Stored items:
——————
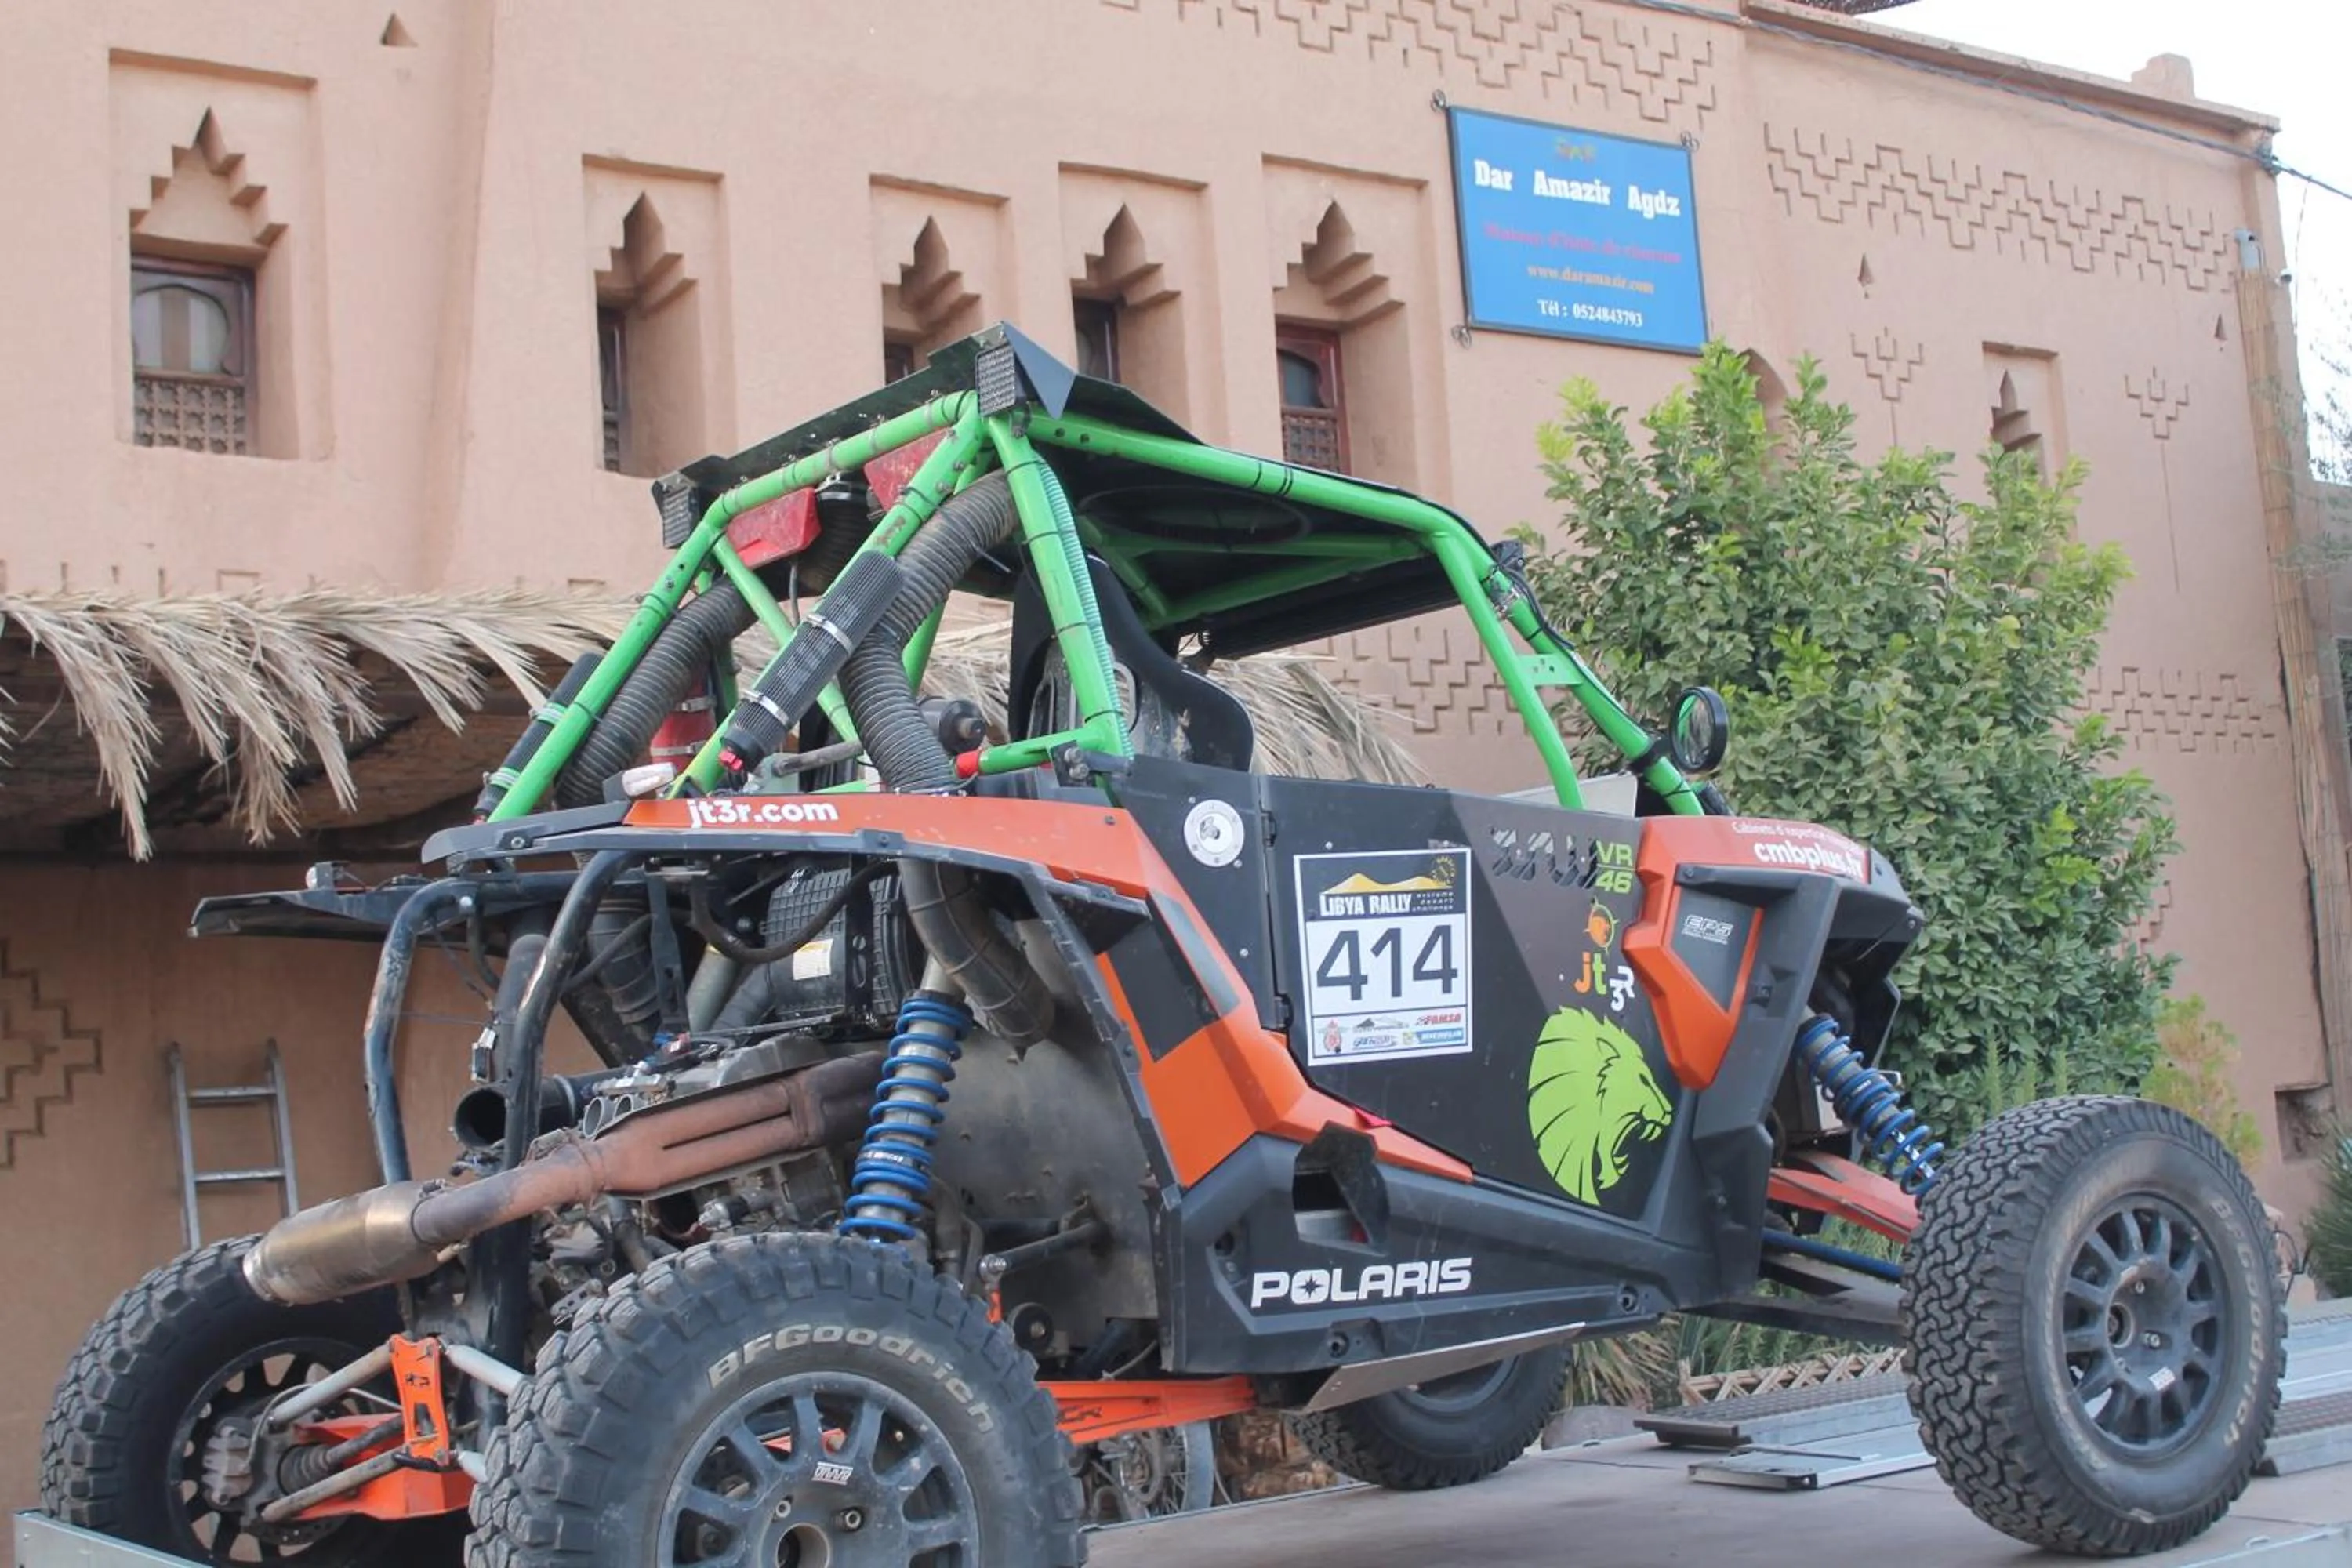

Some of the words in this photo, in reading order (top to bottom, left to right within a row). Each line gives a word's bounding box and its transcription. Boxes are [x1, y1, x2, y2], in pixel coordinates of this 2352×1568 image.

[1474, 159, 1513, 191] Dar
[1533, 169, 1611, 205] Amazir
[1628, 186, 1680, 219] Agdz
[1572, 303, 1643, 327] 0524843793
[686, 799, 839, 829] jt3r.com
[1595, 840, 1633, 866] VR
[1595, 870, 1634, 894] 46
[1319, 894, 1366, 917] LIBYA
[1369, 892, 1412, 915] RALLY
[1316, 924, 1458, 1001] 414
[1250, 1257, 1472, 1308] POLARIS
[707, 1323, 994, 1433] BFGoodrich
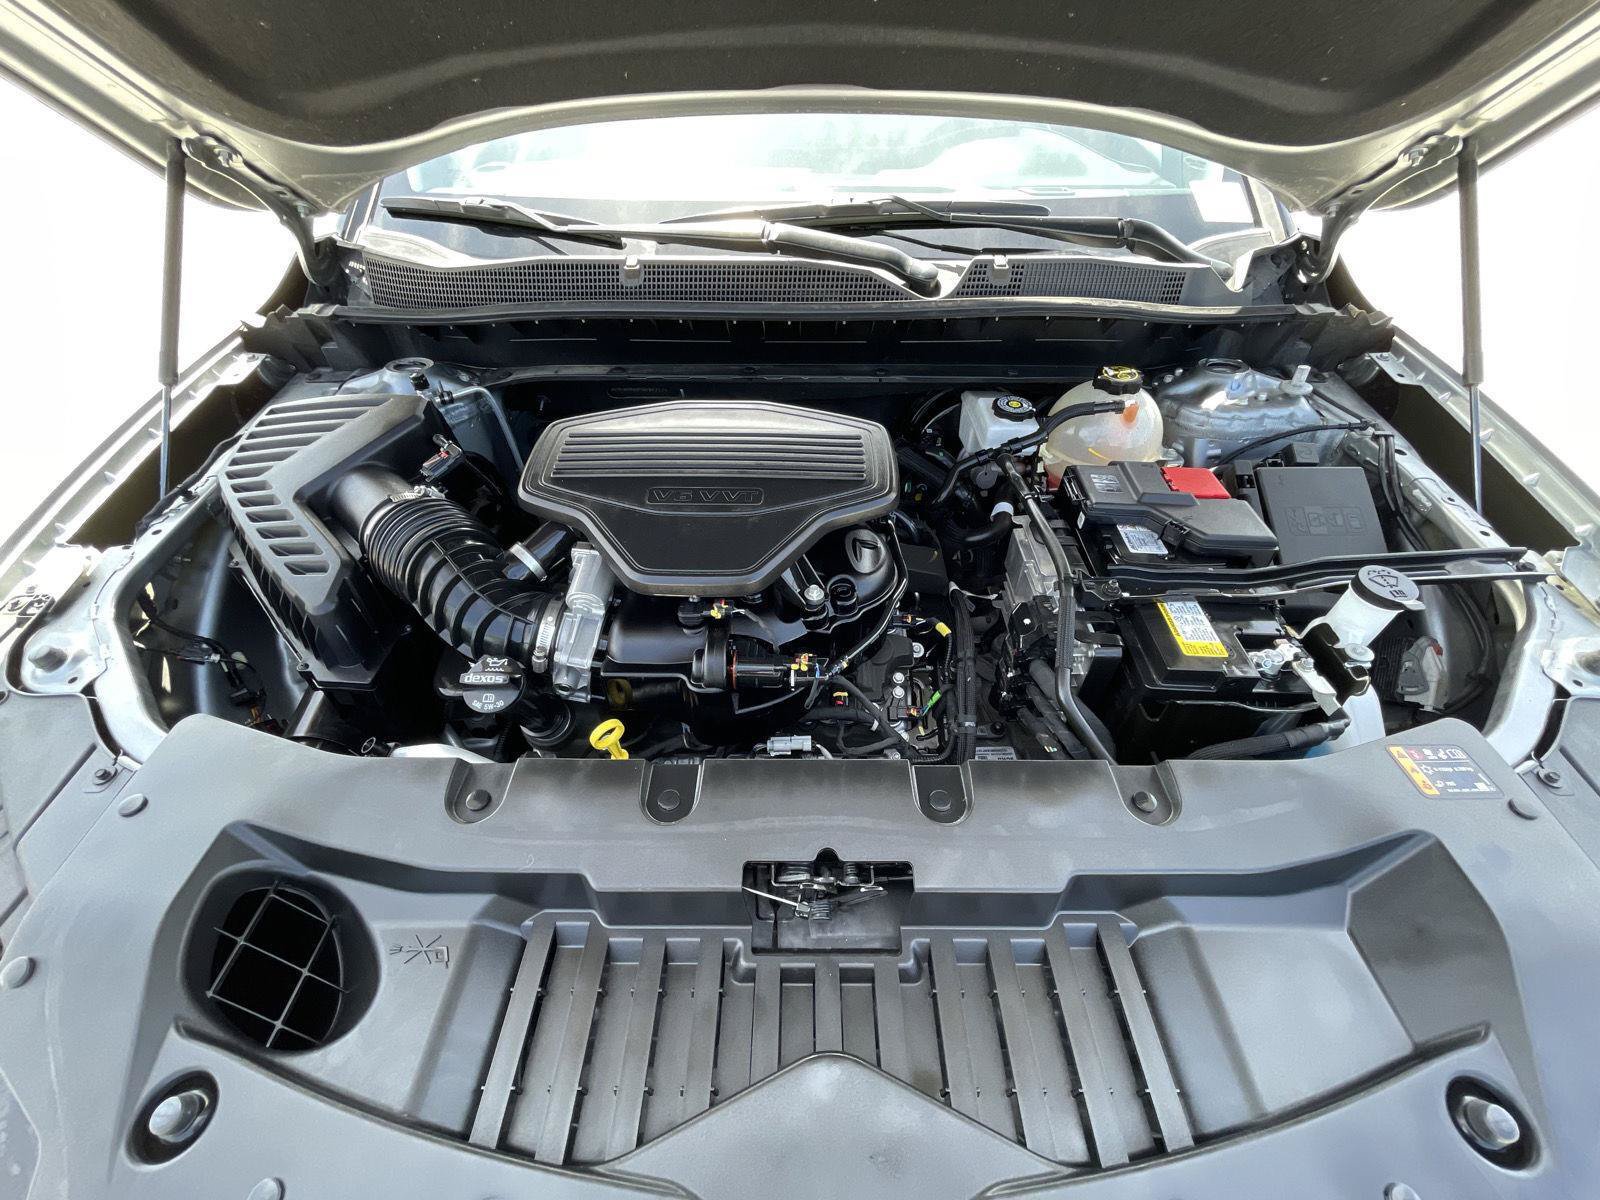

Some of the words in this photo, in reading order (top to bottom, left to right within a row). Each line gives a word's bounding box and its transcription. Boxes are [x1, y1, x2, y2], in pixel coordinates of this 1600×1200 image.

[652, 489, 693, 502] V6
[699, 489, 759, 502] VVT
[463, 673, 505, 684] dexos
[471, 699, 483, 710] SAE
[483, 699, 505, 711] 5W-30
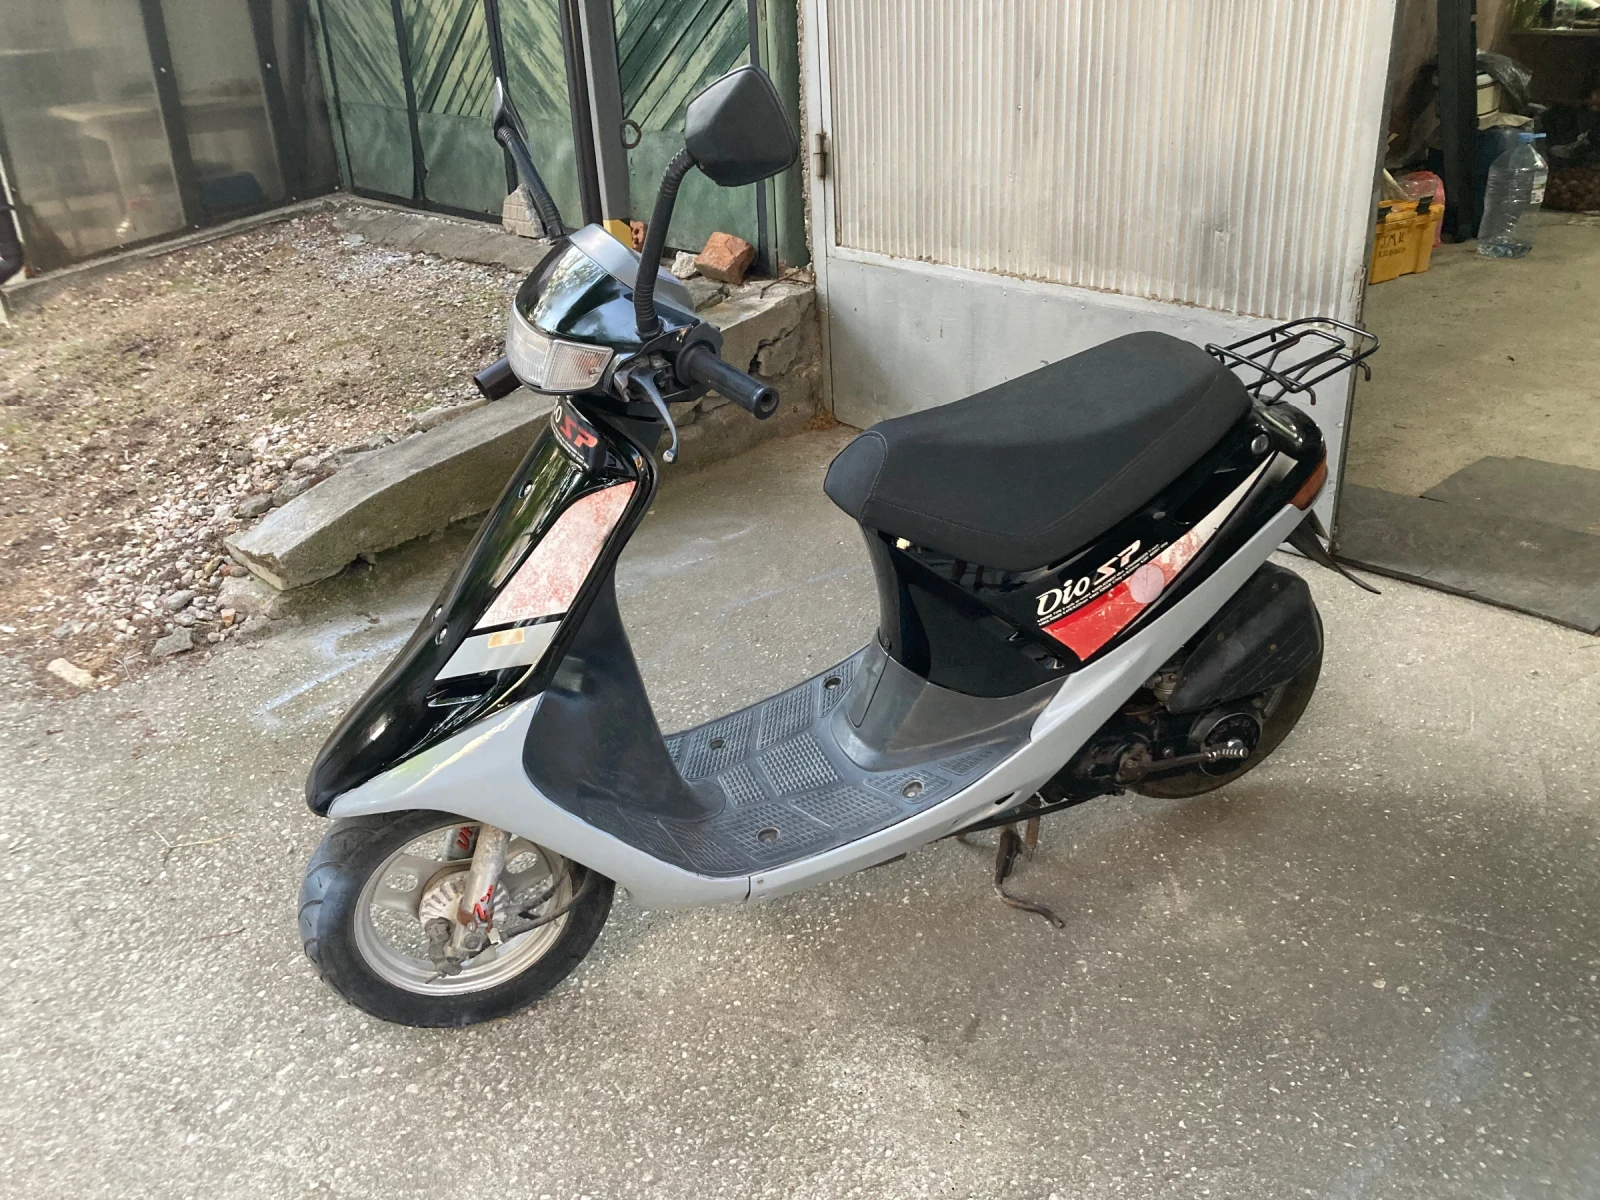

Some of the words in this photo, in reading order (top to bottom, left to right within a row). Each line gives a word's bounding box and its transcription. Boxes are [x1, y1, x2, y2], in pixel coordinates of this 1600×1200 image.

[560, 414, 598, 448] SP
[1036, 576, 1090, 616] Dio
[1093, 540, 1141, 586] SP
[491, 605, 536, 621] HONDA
——————
Your task:
Reproduce the data word for word without its images.

Completed task:
Some of the words in this photo, in reading order (top to bottom, left to right within a row). Each line gives a word's bounding box and its transcription. Boxes are [x1, y1, x2, y2], in pixel coordinates of this 2352×1568 image.

[1474, 159, 1513, 191] Dar
[1533, 169, 1611, 205] Amazir
[1628, 186, 1680, 219] Agdz
[1572, 303, 1643, 327] 0524843793
[686, 799, 839, 829] jt3r.com
[1595, 840, 1633, 866] VR
[1595, 870, 1634, 894] 46
[1319, 894, 1366, 917] LIBYA
[1369, 892, 1412, 915] RALLY
[1316, 924, 1458, 1001] 414
[1250, 1257, 1472, 1308] POLARIS
[707, 1323, 994, 1433] BFGoodrich

Some of the words in this photo, in reading order (top to bottom, left to right within a row). Each line gives a word's bounding box and its transcription. Boxes are [x1, y1, x2, y2], in pixel coordinates of this 1600×1200 image.

[652, 489, 693, 502] V6
[699, 489, 759, 502] VVT
[463, 673, 505, 684] dexos
[471, 699, 483, 710] SAE
[483, 699, 505, 711] 5W-30

Some of the words in this photo, in reading order (top to bottom, left to right within a row). Each line gives a word's bounding box and its transcription. Boxes are [x1, y1, x2, y2], in pixel coordinates of this 1600×1200 image.

[560, 414, 598, 448] SP
[1036, 576, 1090, 616] Dio
[1093, 540, 1141, 586] SP
[491, 605, 536, 621] HONDA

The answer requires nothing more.